Top of SUPPLIED RECORDS

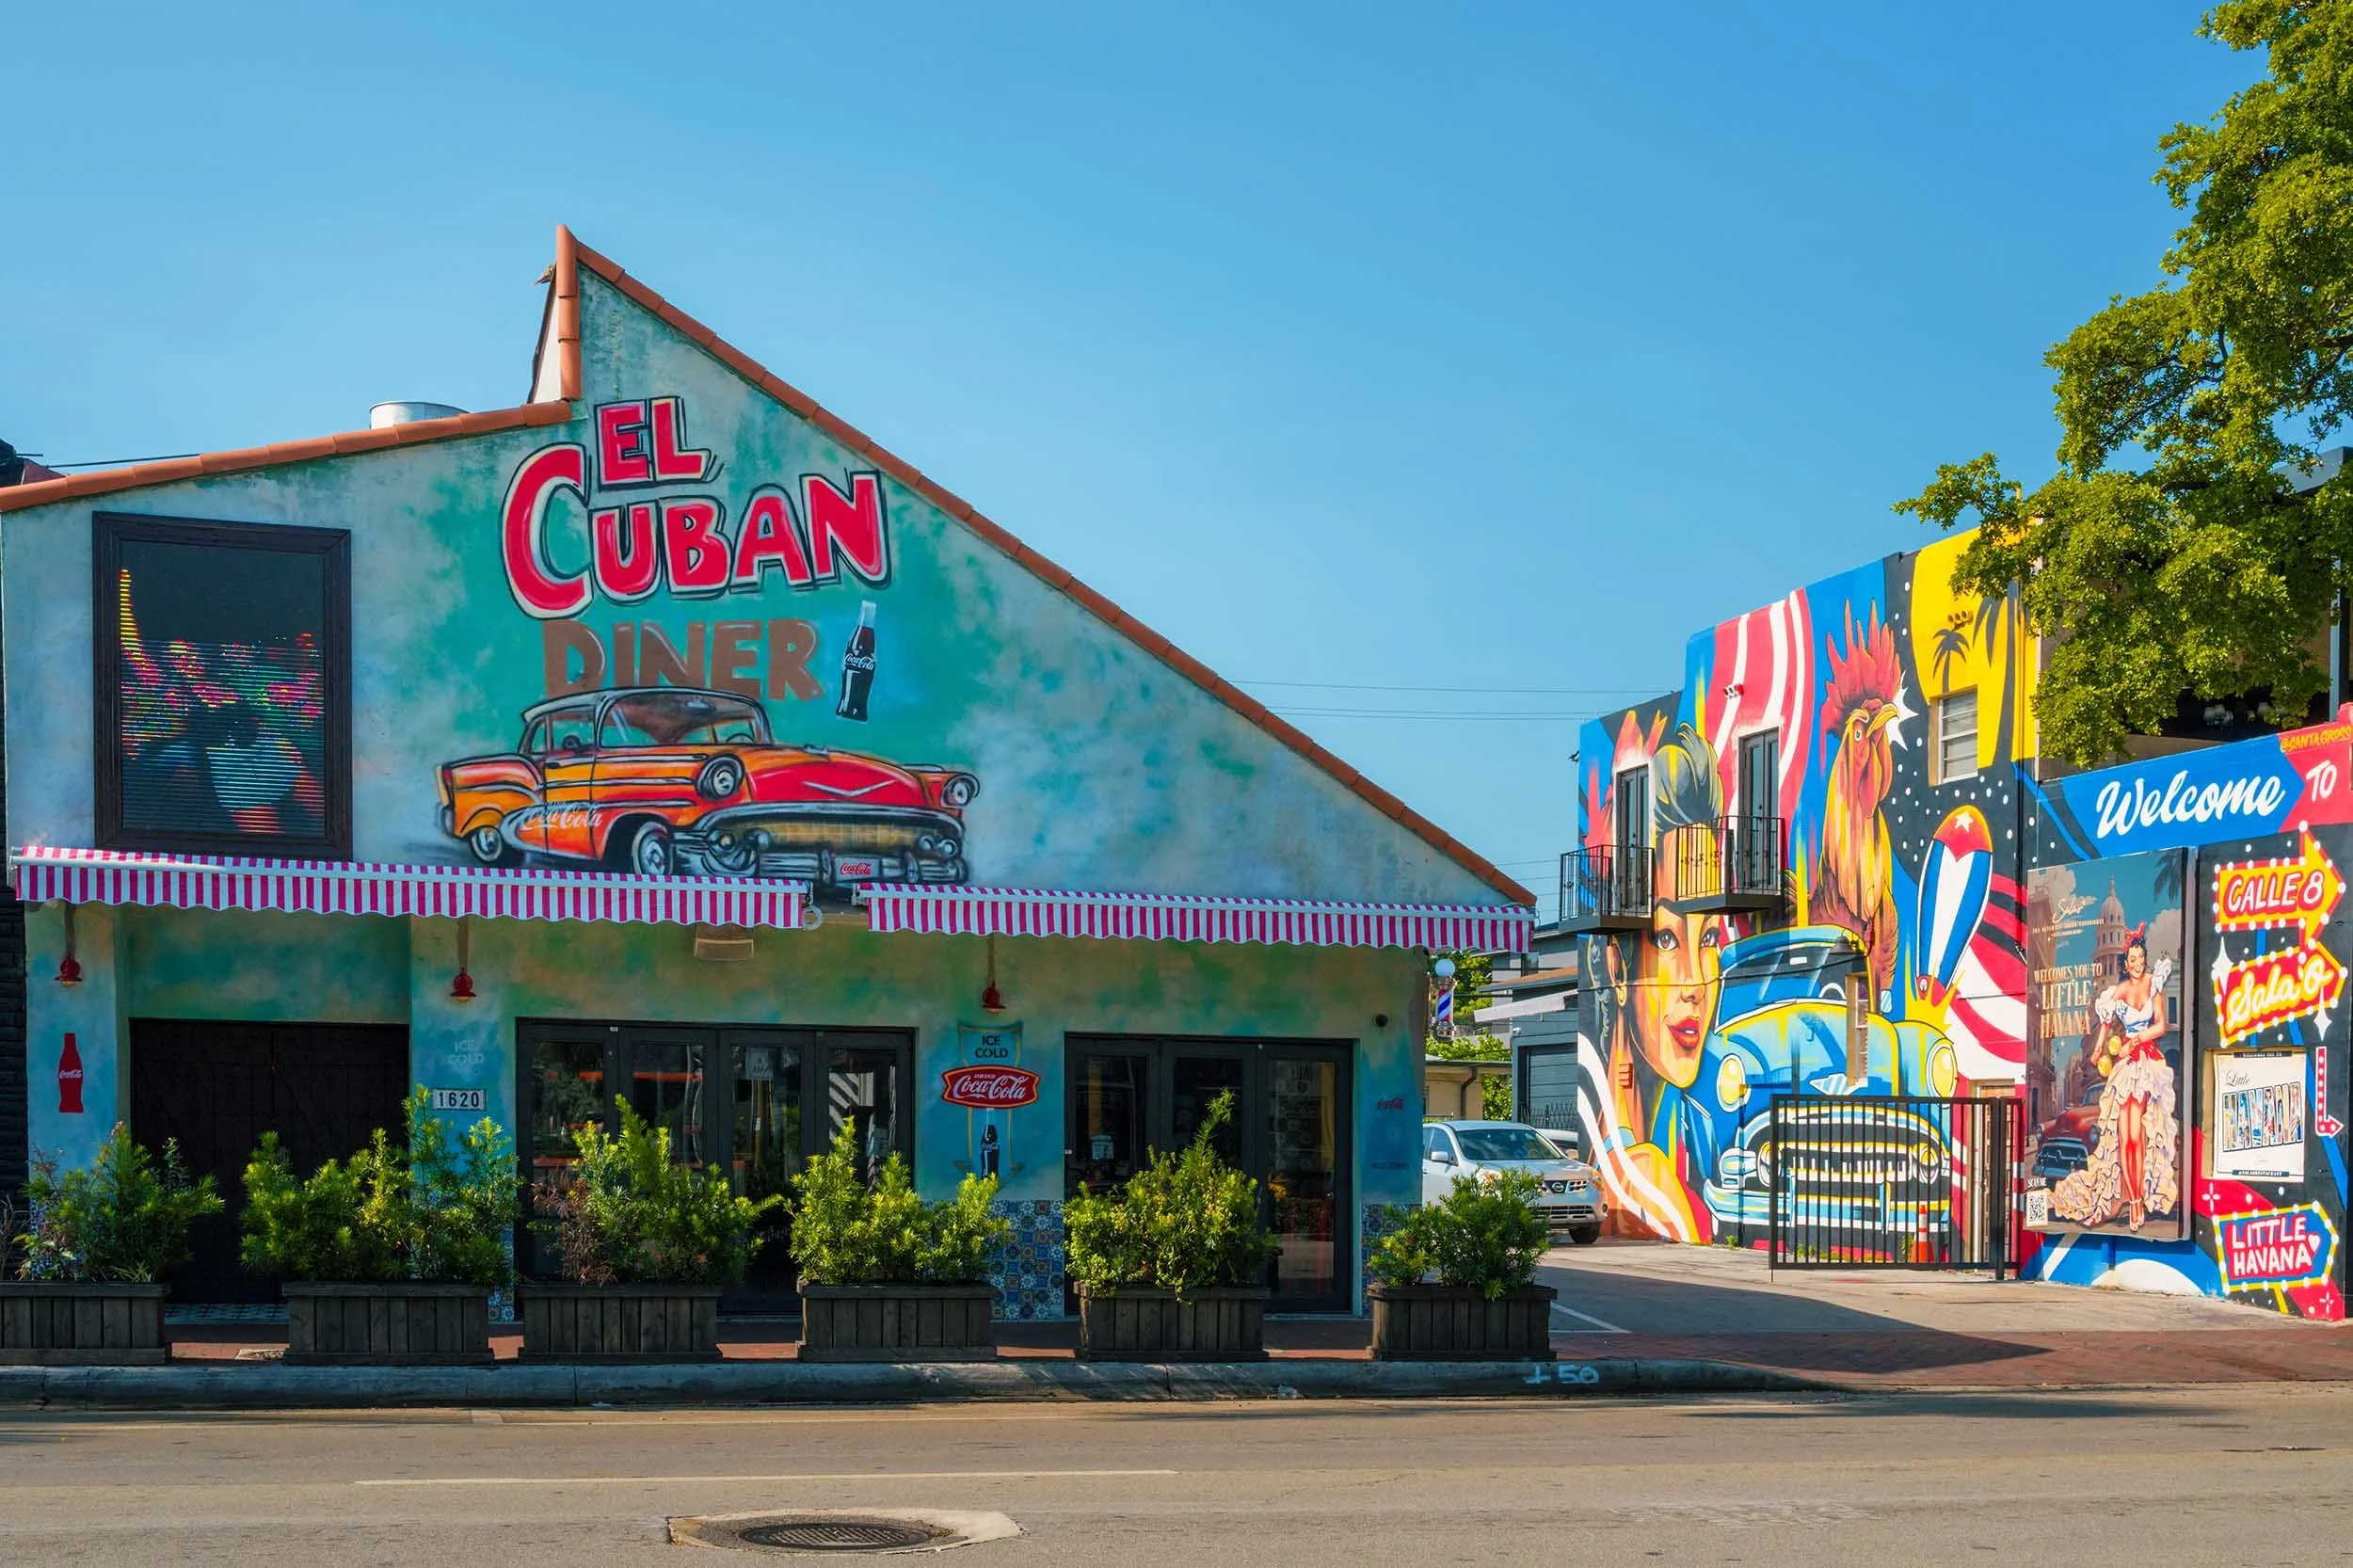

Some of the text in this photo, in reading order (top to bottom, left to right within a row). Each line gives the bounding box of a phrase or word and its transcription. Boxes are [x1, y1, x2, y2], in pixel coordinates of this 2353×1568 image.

[595, 396, 715, 491] EL
[502, 442, 891, 619] CUBAN
[542, 617, 825, 701] DINER
[2096, 760, 2337, 839] Welcome TO
[2227, 871, 2325, 912] CALLE 8
[2034, 962, 2103, 984] WELCOMES YOU TO
[2041, 980, 2092, 1010] LITTLE
[982, 1034, 1001, 1046] ICE
[2040, 1009, 2091, 1039] HAVANA
[974, 1048, 1009, 1059] COLD
[2226, 1068, 2250, 1087] Little
[438, 1092, 480, 1108] 1620
[2222, 1081, 2303, 1152] HAVANA
[2232, 1216, 2307, 1250] LITTLE
[2233, 1242, 2313, 1277] HAVANA
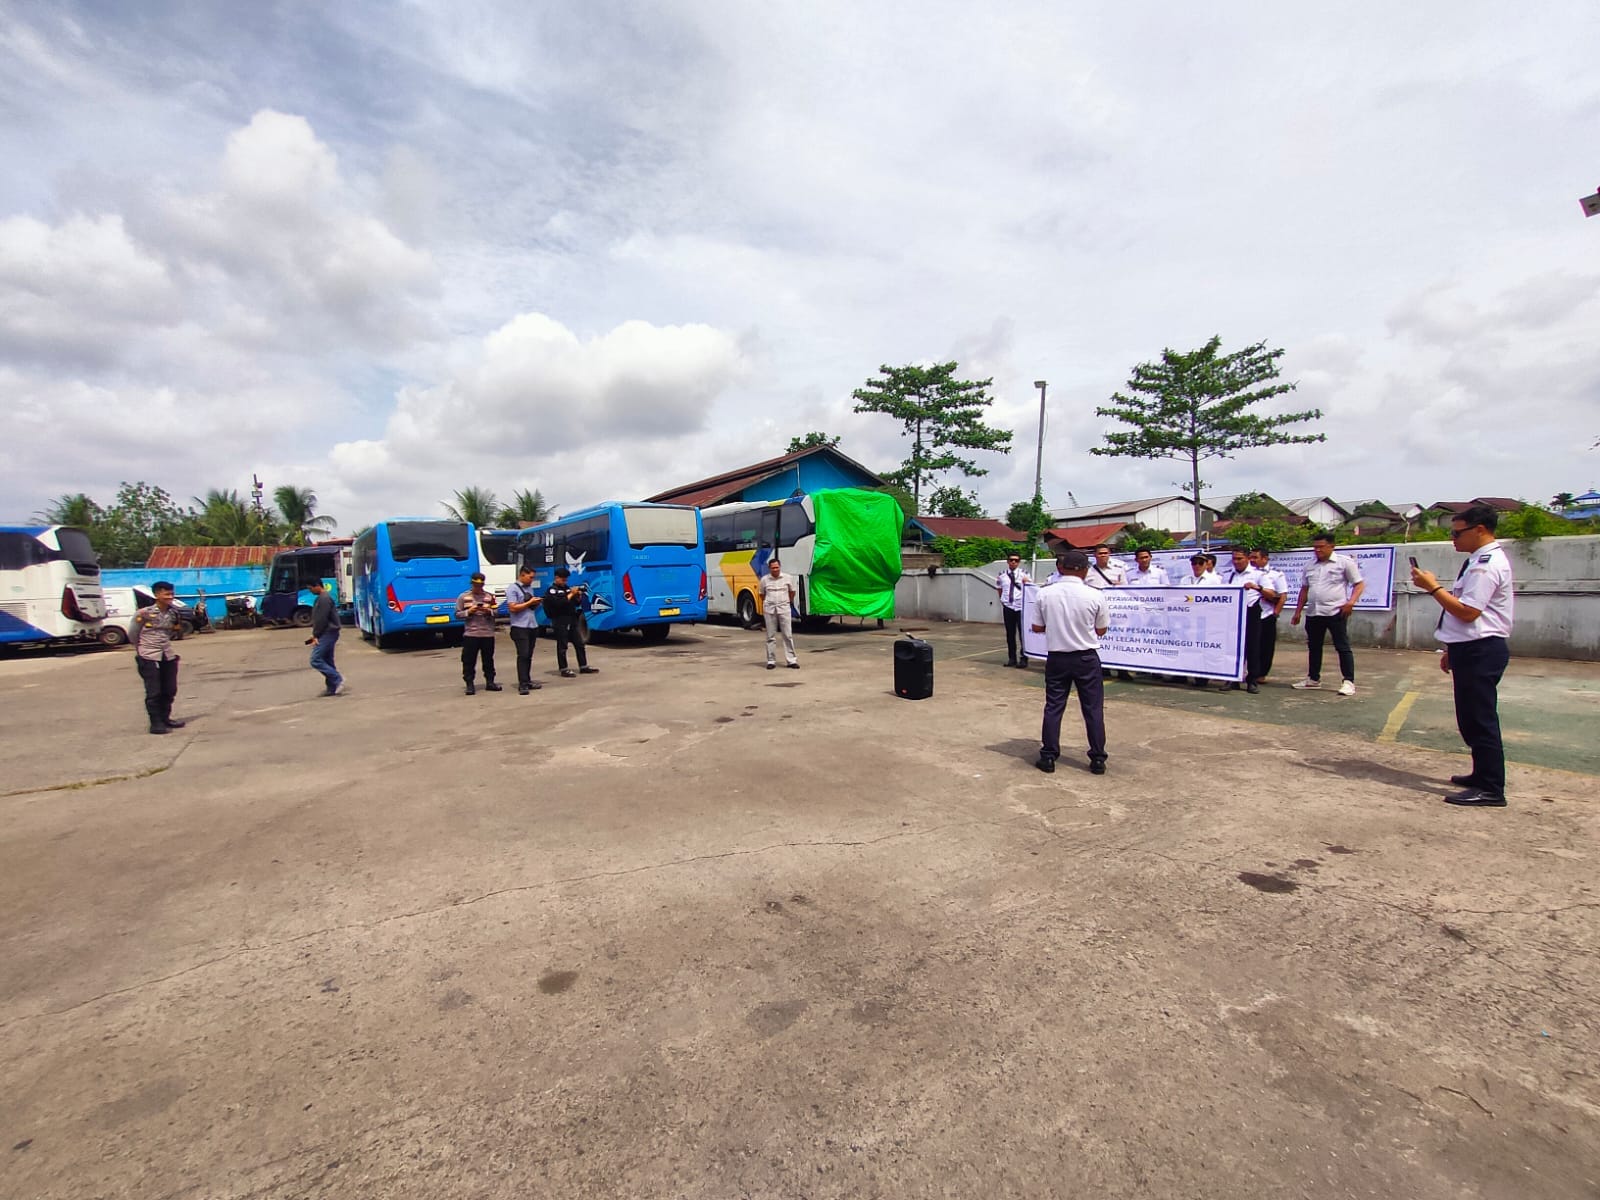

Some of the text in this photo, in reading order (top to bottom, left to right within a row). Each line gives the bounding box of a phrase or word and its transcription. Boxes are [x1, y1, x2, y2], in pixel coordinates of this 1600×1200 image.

[1194, 595, 1233, 604] DAMRI
[1126, 627, 1171, 636] PESANGON
[1116, 636, 1141, 644] LELAH
[1143, 638, 1193, 647] MENUNGGU
[1196, 641, 1222, 649] TIDAK
[1113, 645, 1153, 654] HILALNYA
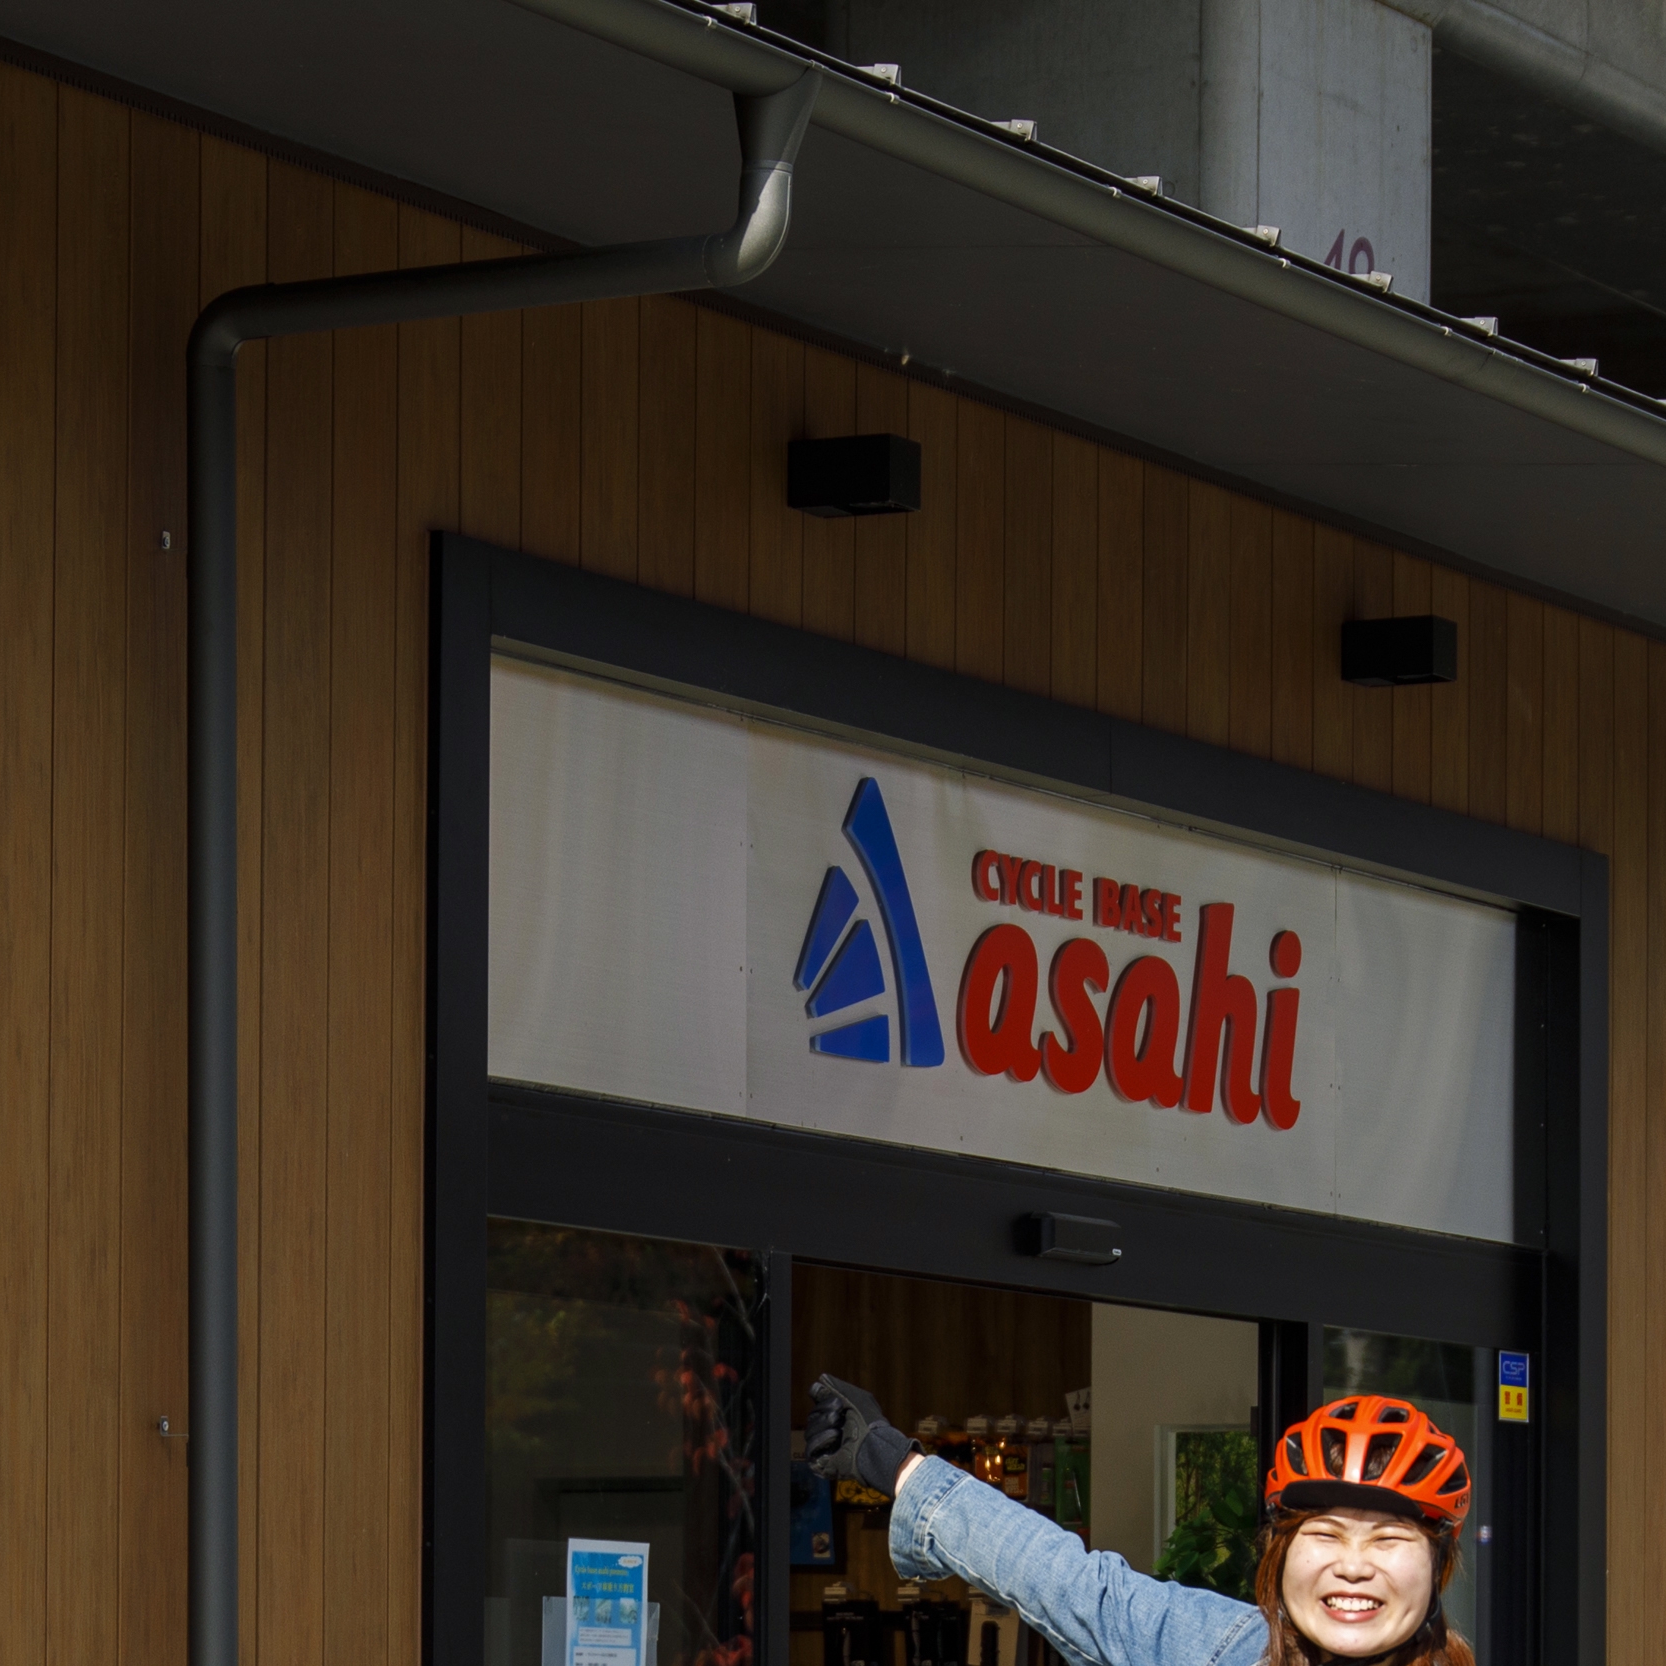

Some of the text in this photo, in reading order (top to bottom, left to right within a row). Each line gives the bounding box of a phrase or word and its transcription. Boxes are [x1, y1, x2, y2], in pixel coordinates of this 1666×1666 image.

[972, 849, 1183, 943] CYCLE BASE
[956, 902, 1302, 1130] asahi

Bottom of SUPPLIED RECORDS

PROBLEM REQUIREMENTS: With the pictures left out, transcribe the material exactly.

OUTPUT:
Some of the text in this photo, in reading order (top to bottom, left to right within a row). Each line gives the bounding box of a phrase or word and its transcription. Boxes are [x1, y1, x2, y2], in pixel coordinates of this 2353×1568 image.

[595, 396, 715, 491] EL
[502, 442, 891, 619] CUBAN
[542, 617, 825, 701] DINER
[2096, 760, 2337, 839] Welcome TO
[2227, 871, 2325, 912] CALLE 8
[2034, 962, 2103, 984] WELCOMES YOU TO
[2041, 980, 2092, 1010] LITTLE
[982, 1034, 1001, 1046] ICE
[2040, 1009, 2091, 1039] HAVANA
[974, 1048, 1009, 1059] COLD
[2226, 1068, 2250, 1087] Little
[438, 1092, 480, 1108] 1620
[2222, 1081, 2303, 1152] HAVANA
[2232, 1216, 2307, 1250] LITTLE
[2233, 1242, 2313, 1277] HAVANA

Some of the text in this photo, in reading order (top to bottom, left to right within a row). Each line gives the bounding box of a phrase or word and its transcription. Boxes are [x1, y1, x2, y2], in pixel coordinates of this 1600×1200 image.

[1194, 595, 1233, 604] DAMRI
[1126, 627, 1171, 636] PESANGON
[1116, 636, 1141, 644] LELAH
[1143, 638, 1193, 647] MENUNGGU
[1196, 641, 1222, 649] TIDAK
[1113, 645, 1153, 654] HILALNYA

Some of the text in this photo, in reading order (top to bottom, left to right within a row). Each line gives the bounding box of a phrase or word and its transcription. Boxes are [x1, y1, x2, y2], in pixel coordinates of this 1666×1666 image.

[972, 849, 1183, 943] CYCLE BASE
[956, 902, 1302, 1130] asahi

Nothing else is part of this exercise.